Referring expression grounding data
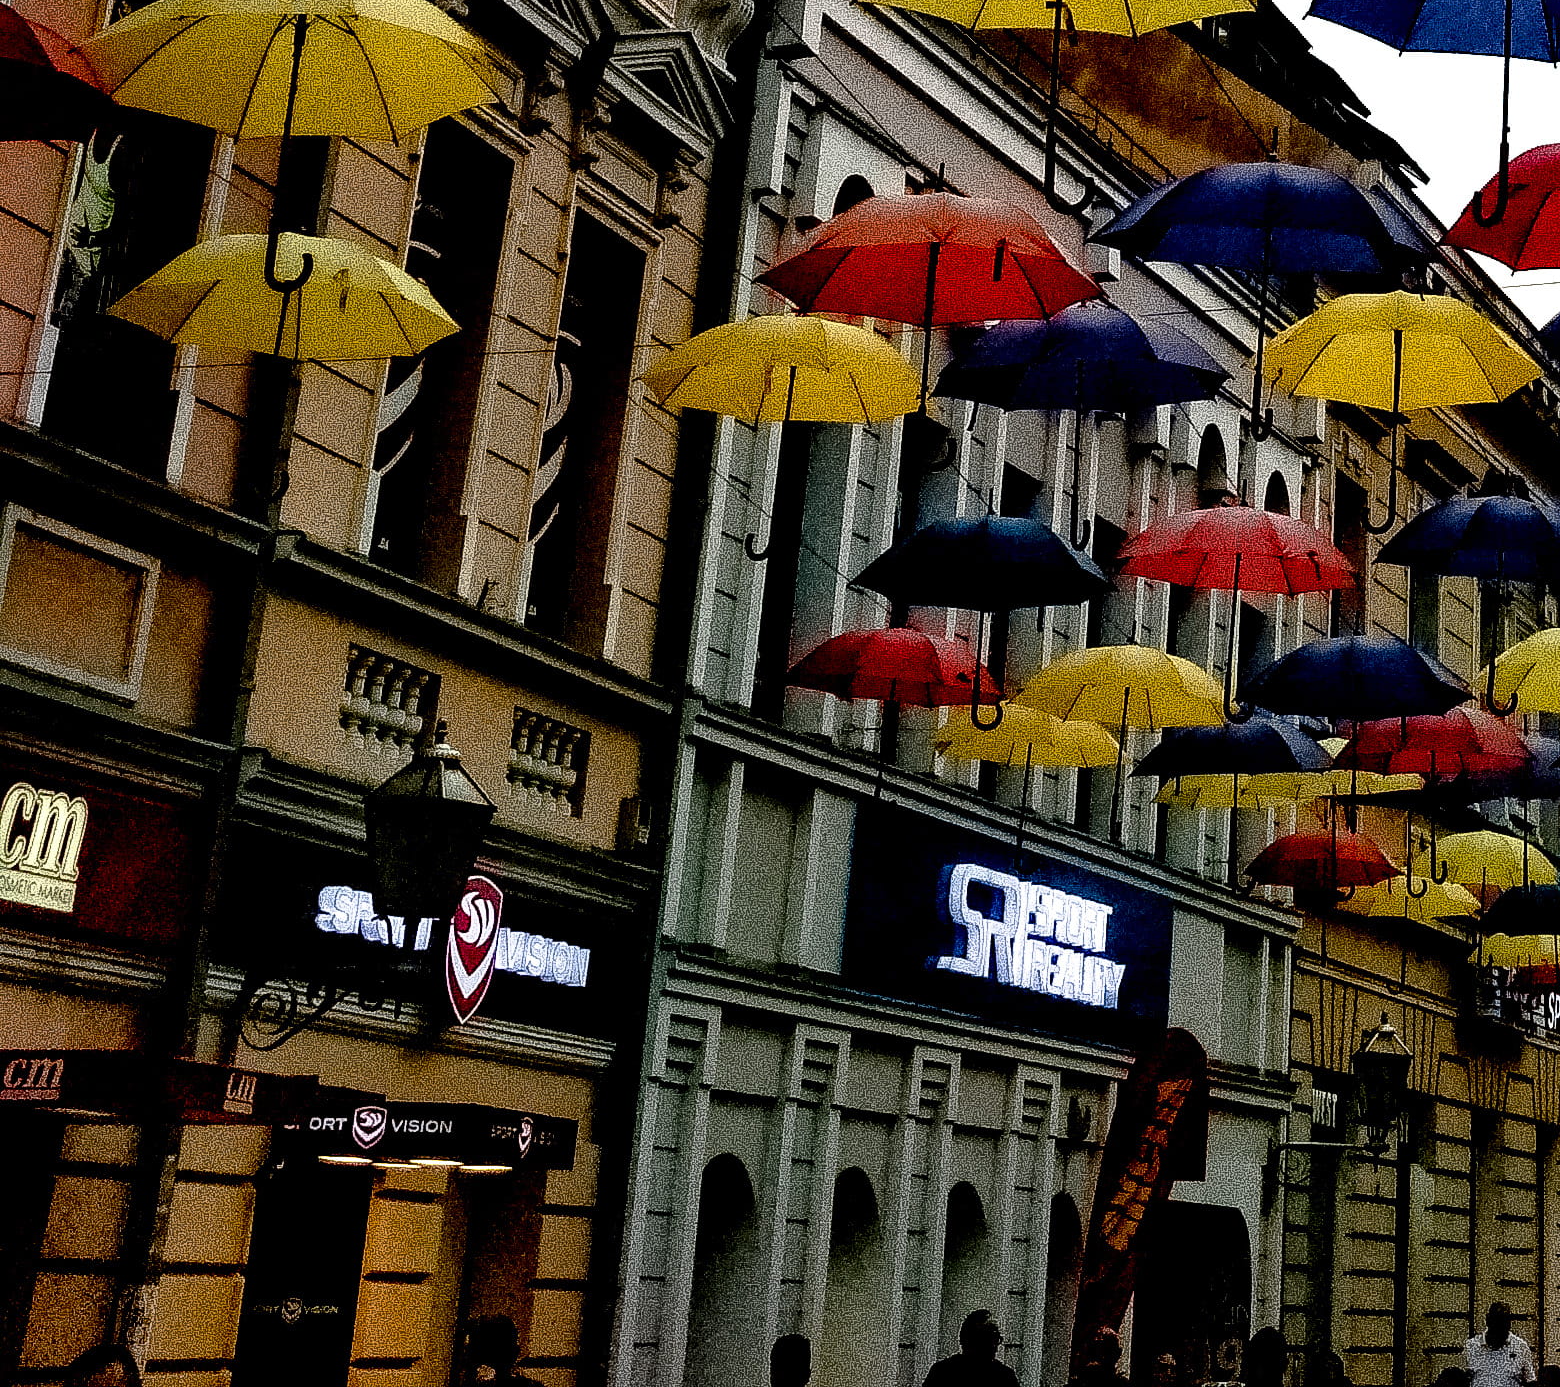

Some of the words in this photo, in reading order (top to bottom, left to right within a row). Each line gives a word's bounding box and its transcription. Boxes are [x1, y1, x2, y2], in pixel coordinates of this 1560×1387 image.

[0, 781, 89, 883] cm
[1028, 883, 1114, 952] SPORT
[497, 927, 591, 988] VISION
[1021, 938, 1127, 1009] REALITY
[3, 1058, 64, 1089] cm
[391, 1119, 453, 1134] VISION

[ACTIVITY]:
Without the pictures, write out every entry precisely as it appears.

[RESULT]:
Some of the words in this photo, in reading order (top to bottom, left to right within a row). Each line gives a word's bounding box and its transcription. Boxes are [x1, y1, x2, y2], in pixel coordinates of this 1560×1387 image.

[0, 781, 89, 883] cm
[1028, 883, 1114, 952] SPORT
[497, 927, 591, 988] VISION
[1021, 938, 1127, 1009] REALITY
[3, 1058, 64, 1089] cm
[391, 1119, 453, 1134] VISION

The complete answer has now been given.